We are particularly delighted that this puzzle helped inspire the brilliant setter Philip Newman to find new "smallest known givens" for thermo constraint puzzles. (You'll have to join the Discord server to see his post and lovely puzzle.)

Estimated difficulty: 1/5

*Rules*

Standard sudoku rules apply. Digits on thermometers increase from bulb to tip.

Simon Anthony has a secret, a secret that he only tells his closest friends. (As of this writing, there are only 435,000 of them.) This puzzle will help you practice using this secret! An introduction to killer cage and locked sets logic, this puzzle also appears in the Showcase.

*Rules*

Normal sudoku rules apply. Digits inside the cages marked by dashed lines add up to the small number in the corner of the cage.

Something to think about: What are the digits in every row, column, and box? What do they add up to?

This puzzle introduces new constraints to go along with kropki dots for someone new to variant constraint logic.

*Rules*

Roman Numerals and New Ratios

Black dots with "3" in the center indicate that one of the cells they join is 3 times the other. For example, 6 and 2 could be on either side of a black dot in this puzzle.

Cells joined by a "V" must add to 5. For example, if a 2 is on one side of a V, the digit on the other side must be a 3.

Cells joined by an "X" must add to 10. For example, if a 2 is on one side of a X, the digit on the other side must be an 8.

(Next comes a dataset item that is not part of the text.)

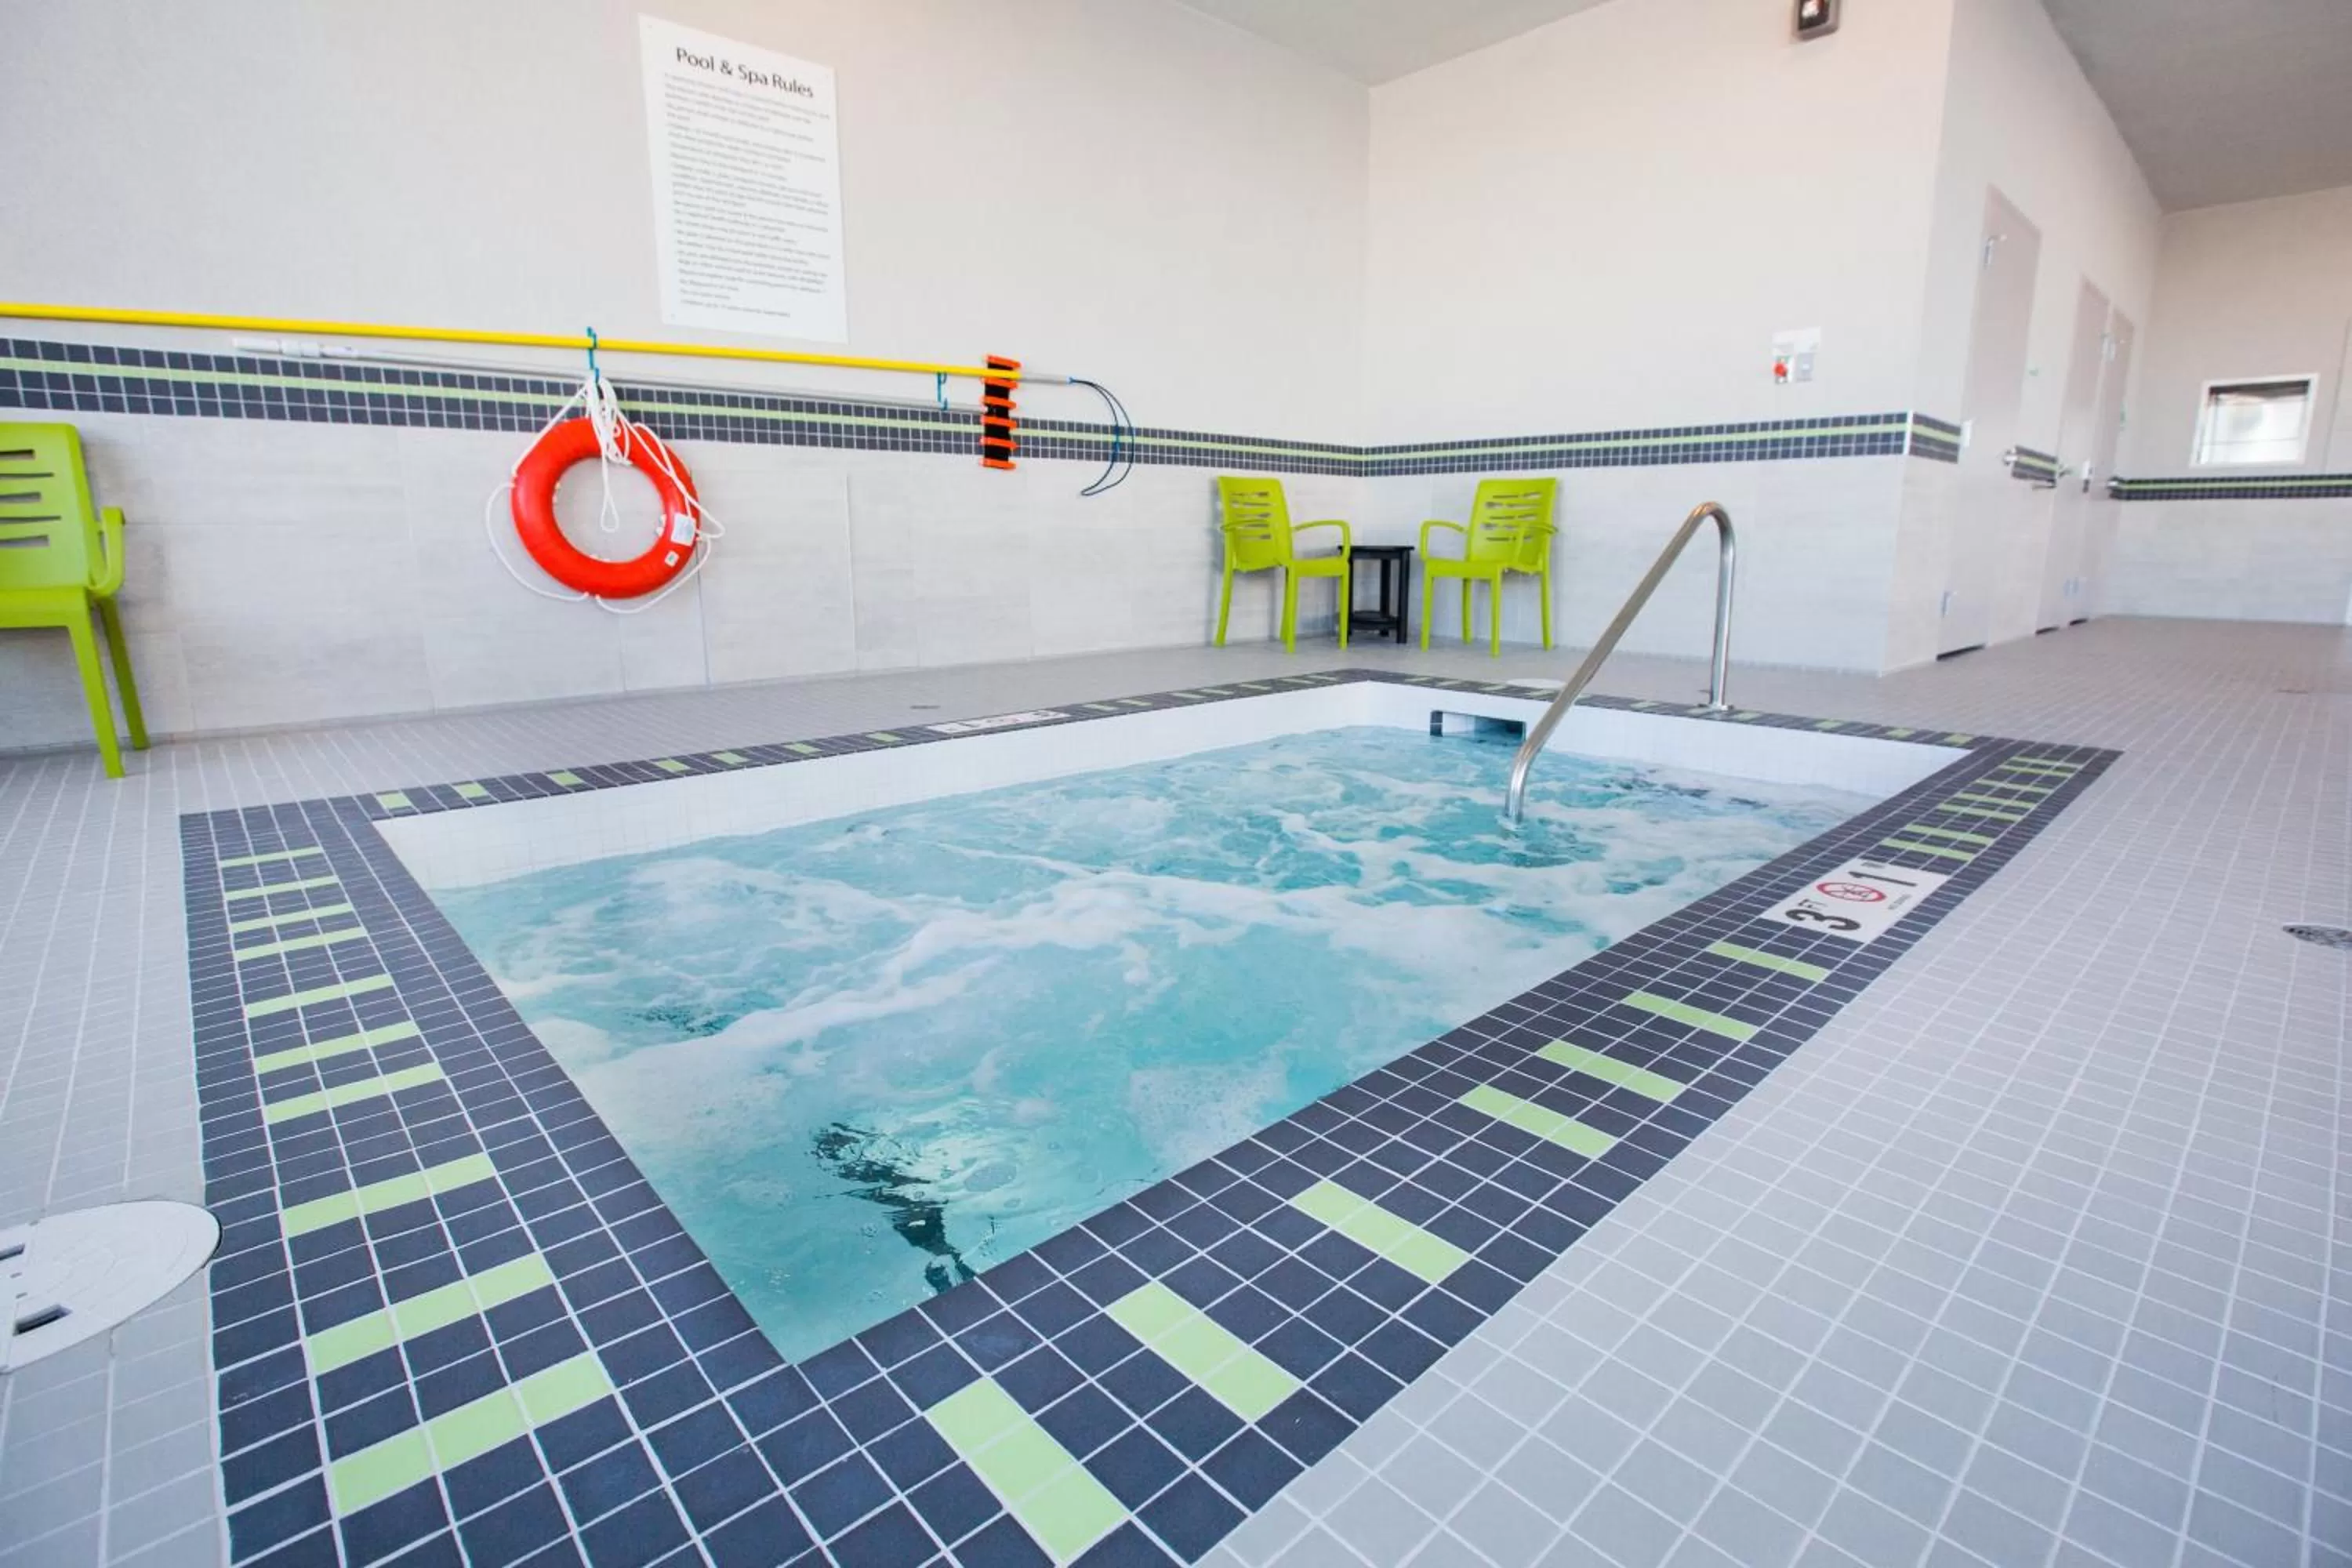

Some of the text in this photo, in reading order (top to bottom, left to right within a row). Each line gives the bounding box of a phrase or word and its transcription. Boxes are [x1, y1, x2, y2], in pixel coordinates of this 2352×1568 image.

This puzzle is part of our Brassica-to-Gas series. A harder version can be found in the GAS Collection.

*Rules*

Normal sudoku rules and standard Kropki dots apply. (Digits separated by a white dot differ by 1. If two digits are separated by a black dot, then one is twice the other.)

This puzzle is part of our Brassica to Gas series. A harder version can be found in the GAS Collection.

*Rules*

Normal sudoku rules and standard Kropki dots apply. (Digits separated by a white dot differ by 1. If two digits are separated by a black dot, then one is twice the other.) Not all possible dots are shown.

This puzzle is intended as a first introduction to thermos for someone who has started to become comfortable with kropki dot logic.

*Rules*

Normal sudoku rules apply. Cells separated by a white dot contain consecutive digits. If two cells are separated by a black dot, one is double the other. Some possible dots may not be shown. Digits on the thermometer increase from the bulb to the tip but do not have to be consecutive.

This was the first puzzle we created for what became the Brassica Collection. We set it as an introduction to Kropki dot logic for a novice solver.

*Rules*

Normal sudoku rules apply. Cells separated by a white dot differ by one (*standard Kropki difference dots*). Cells separated by a black dot are in a 2:1 ratio (*standard Kropki ratio dots*).